Municipal Court of the City of New York, Borough of Brooklyn
Jan 31, 1945
185 Misc. 145 (N.Y. Misc. 1945)

Opinion

January 31, 1945.

Jacob A. Salzman for plaintiffs.

David A. Ferdinand for defendant.



On the motion made by plaintiffs' counsel for a directed verdict, the motion is granted.

The section of the Emergency Price Control Act of 1942 (§ 205, subd. [e]; U.S. Code [1940 ed., Supp. III], tit. 50, Appendix, § 925, subd. [e]) which controls in this case provided as follows: "If any person selling a commodity violates a regulation, order, or price schedule prescribing a maximum price or maximum prices, the person who buys such commodity for use or consumption other than in the course of trade or business may bring an action either for $50 or for treble the amount by which the consideration exceeded the applicable maximum price, whichever is the greater, plus reasonable attorney's fees and costs as determined by the court. For the purposes of this section the payment or receipt of rent for defense-area housing accommodations shall be deemed the buying or selling of a commodity, as the case may be. * * *"

In this case it has been conceded that as to eight of the plaintiffs the rents collected for a period of six months commencing November 1, 1943, exceeded the rental collected from the occupants of their respective apartments in March, 1943. The amounts paid in March, 1943, and the amounts collected November 1, 1943, and subsequent thereto are set forth in the record. The defendant has failed to adduce any evidence which would legally justify the raising of rentals in excess of that which was paid for the same apartments in March, 1943.

The effective date of the Rent Regulation for Housing in the New York City Defense-Rental Area. — [REP.

The rent paid on this date is ordinarily the maximum rent. — [REP.

It is unnecessary in view of the ruling made by the court during the course of this trial to further elaborate on the facts, and the court will therefore confine itself at this time to consideration of the motion for a directed verdict.

As to the amounts to which the respective plaintiffs are entitled, the court looks for guidance to the ruling of the Appellate Term of this department in the case of Gordon v. Hochberg ( 182 Misc. 117).

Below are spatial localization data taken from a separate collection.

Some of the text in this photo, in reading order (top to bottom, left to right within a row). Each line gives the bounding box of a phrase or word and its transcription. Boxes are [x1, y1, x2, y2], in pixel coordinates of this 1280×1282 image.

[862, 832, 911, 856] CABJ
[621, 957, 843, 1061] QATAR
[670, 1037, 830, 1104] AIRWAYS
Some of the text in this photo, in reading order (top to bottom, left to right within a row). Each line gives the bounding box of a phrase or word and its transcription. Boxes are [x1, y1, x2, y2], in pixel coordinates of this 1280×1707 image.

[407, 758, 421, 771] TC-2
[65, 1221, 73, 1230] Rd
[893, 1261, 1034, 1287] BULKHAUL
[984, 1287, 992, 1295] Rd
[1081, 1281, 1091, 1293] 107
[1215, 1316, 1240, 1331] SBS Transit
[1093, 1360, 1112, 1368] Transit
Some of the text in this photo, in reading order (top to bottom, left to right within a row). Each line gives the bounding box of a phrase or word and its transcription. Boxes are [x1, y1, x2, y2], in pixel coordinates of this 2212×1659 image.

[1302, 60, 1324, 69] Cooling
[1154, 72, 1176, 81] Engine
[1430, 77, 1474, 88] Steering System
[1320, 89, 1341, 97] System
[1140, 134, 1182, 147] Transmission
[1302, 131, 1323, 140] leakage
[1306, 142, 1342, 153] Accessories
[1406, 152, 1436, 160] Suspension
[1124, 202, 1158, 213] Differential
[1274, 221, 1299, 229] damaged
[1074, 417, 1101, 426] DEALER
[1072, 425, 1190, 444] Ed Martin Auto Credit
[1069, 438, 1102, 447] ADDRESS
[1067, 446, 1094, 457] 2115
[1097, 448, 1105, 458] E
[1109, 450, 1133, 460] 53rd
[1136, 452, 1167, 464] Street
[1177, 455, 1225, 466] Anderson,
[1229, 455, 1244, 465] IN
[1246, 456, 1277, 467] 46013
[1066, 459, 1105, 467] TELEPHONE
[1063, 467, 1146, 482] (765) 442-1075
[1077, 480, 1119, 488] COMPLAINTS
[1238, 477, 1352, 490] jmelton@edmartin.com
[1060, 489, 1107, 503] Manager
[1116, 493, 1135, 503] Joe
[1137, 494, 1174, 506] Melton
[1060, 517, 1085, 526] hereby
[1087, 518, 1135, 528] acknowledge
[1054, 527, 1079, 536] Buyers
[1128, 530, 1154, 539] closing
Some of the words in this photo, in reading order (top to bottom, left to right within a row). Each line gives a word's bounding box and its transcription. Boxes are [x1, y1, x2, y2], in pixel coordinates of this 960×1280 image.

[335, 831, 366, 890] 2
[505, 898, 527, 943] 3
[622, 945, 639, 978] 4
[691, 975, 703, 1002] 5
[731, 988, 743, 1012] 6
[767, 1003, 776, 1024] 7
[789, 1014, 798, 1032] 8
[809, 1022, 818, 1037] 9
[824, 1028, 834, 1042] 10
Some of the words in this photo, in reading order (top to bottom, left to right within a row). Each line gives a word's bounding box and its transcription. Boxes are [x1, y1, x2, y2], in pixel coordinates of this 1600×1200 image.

The facts in that case were substantially similar to those in this case excepting that the total of overcharges as to each plaintiff in the present case, substantially exceeds, if trebled, the alternative $50 penalty which the law provides.

The Appellate Term decided that the penalties in a case of this kind are not cumulative. In support of that ruling it cited numerous authorities which have been followed in this State for a long period of time.

Cf., however, Grzybicki v. Friedman, 269 A.D. 368. — [REP.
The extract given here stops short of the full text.